A Theory of the NEPv Approach for Optimization On the Stiefel Manifold
Ren-Cang Li
TL;DR
The paper develops two complementary frameworks, NPDo and NEPv, to solve optimization problems on the Stiefel manifold ${\rm St}(k,n)$ by transforming the KKT conditions into structured polar or eigenvalue problems and solving via self-consistent-field iterations. Central to both approaches is the notion of atomic functions, which are trace- or power-based building blocks whose properties ensure monotone ascent and global convergence under a unifying Ansatz. By proving that common matrix-trace objectives (and their convex compositions) fit into these atomic classes, the authors establish broad, provable guarantees for a wide range of problems in machine learning and data analysis. The frameworks also discuss acceleration via LOCG and practical considerations, highlighting that NEPv typically requires weaker conditions and covers more problem classes than NPDo, though NPDo often offers implementation advantages.
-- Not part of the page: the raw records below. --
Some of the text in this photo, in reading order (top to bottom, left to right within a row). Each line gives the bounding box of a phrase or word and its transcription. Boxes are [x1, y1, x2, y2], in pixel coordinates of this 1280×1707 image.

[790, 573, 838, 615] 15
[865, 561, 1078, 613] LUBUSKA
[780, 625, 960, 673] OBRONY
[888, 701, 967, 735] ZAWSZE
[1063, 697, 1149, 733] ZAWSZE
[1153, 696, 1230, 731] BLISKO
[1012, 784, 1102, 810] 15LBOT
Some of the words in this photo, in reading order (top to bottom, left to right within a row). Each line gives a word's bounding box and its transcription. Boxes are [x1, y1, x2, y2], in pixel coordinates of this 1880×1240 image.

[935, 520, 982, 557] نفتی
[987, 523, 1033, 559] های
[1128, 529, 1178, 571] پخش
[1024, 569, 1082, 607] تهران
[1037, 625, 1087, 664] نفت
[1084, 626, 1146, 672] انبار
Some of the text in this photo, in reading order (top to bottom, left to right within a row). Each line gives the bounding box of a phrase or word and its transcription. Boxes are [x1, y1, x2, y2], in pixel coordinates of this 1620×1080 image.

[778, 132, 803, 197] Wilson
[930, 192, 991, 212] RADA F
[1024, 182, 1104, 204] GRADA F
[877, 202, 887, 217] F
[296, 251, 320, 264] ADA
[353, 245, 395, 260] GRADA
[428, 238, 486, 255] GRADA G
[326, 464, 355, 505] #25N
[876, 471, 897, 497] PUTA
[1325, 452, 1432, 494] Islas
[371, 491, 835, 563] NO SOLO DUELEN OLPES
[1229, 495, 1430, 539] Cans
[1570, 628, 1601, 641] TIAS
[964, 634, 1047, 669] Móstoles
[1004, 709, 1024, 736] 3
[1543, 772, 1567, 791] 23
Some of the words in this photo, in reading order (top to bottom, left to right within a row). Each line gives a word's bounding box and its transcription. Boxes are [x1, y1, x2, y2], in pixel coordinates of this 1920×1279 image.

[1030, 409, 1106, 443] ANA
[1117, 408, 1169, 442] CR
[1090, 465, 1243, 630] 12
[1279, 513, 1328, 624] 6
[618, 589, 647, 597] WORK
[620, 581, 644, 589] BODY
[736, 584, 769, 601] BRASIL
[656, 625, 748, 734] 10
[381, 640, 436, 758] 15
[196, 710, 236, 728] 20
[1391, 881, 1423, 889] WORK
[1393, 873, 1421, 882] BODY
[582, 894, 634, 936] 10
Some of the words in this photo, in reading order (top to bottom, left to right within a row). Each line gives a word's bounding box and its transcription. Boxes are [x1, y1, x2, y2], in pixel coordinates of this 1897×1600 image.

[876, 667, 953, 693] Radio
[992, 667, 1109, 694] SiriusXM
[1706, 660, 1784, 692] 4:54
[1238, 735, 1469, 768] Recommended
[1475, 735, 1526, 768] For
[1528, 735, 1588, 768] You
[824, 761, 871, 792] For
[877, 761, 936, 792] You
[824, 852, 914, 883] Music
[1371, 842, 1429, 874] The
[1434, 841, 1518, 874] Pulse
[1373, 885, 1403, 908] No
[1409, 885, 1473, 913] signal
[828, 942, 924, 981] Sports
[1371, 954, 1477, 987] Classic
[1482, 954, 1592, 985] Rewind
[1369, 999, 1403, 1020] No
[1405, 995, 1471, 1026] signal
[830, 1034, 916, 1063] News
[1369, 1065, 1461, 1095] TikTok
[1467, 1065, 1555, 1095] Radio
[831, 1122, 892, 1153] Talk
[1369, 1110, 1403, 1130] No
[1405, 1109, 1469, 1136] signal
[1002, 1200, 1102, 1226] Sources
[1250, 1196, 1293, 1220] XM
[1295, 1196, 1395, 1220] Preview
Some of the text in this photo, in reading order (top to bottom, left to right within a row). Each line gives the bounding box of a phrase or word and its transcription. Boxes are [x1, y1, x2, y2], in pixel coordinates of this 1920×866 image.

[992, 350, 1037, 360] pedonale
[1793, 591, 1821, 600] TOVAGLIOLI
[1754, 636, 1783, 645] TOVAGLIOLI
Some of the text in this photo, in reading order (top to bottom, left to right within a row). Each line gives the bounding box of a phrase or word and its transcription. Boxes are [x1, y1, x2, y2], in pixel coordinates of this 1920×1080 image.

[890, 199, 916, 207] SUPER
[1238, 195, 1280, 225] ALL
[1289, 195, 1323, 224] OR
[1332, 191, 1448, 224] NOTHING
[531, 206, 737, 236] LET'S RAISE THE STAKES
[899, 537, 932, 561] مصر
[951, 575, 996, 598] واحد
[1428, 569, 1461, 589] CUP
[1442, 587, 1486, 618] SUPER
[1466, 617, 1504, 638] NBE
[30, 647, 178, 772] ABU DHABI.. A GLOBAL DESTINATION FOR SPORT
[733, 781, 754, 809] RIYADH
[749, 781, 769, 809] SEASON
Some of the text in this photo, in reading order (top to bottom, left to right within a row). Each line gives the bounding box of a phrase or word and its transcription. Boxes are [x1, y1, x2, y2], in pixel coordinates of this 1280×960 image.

Altogether, the work provides a comprehensive, unified theory that broadens the applicability and reliability of SCF-based optimization on the Stiefel manifold across many applications.
Abstract
The NEPv approach has been increasingly used lately for optimization on the Stiefel manifold arising from machine learning. General speaking, the approach first turns the first order optimality condition, also known as the KKT condition, into a nonlinear eigenvalue problem with eigenvector dependency (NEPv) or a nonlinear polar decomposition with orthogonal factor dependency (NPDo) and then solve the nonlinear problem via some variations of the self-consistent-field (SCF) iteration. The difficulty, however, lies in designing a proper SCF iteration so that a maximizer is found at the end. Currently, each use of the approach is very much individualized, especially in its convergence analysis to show that the approach does work or otherwise. In this paper, a unifying framework is established. The framework is built upon some basic assumptions. If the basic assumptions are satisfied, globally convergence is guaranteed to a stationary point and during the SCF iterative process that leads to the stationary point, the objective function increases monotonically. Also a notion of atomic functions is proposed, which include commonly used matrix traces of linear and quadratic forms as special ones. It is shown that the basic assumptions are satisfied by atomic functions and by convex compositions of atomic functions. Together they provide a large collection of objectives for which the NEPv/NPDo approach is guaranteed to work.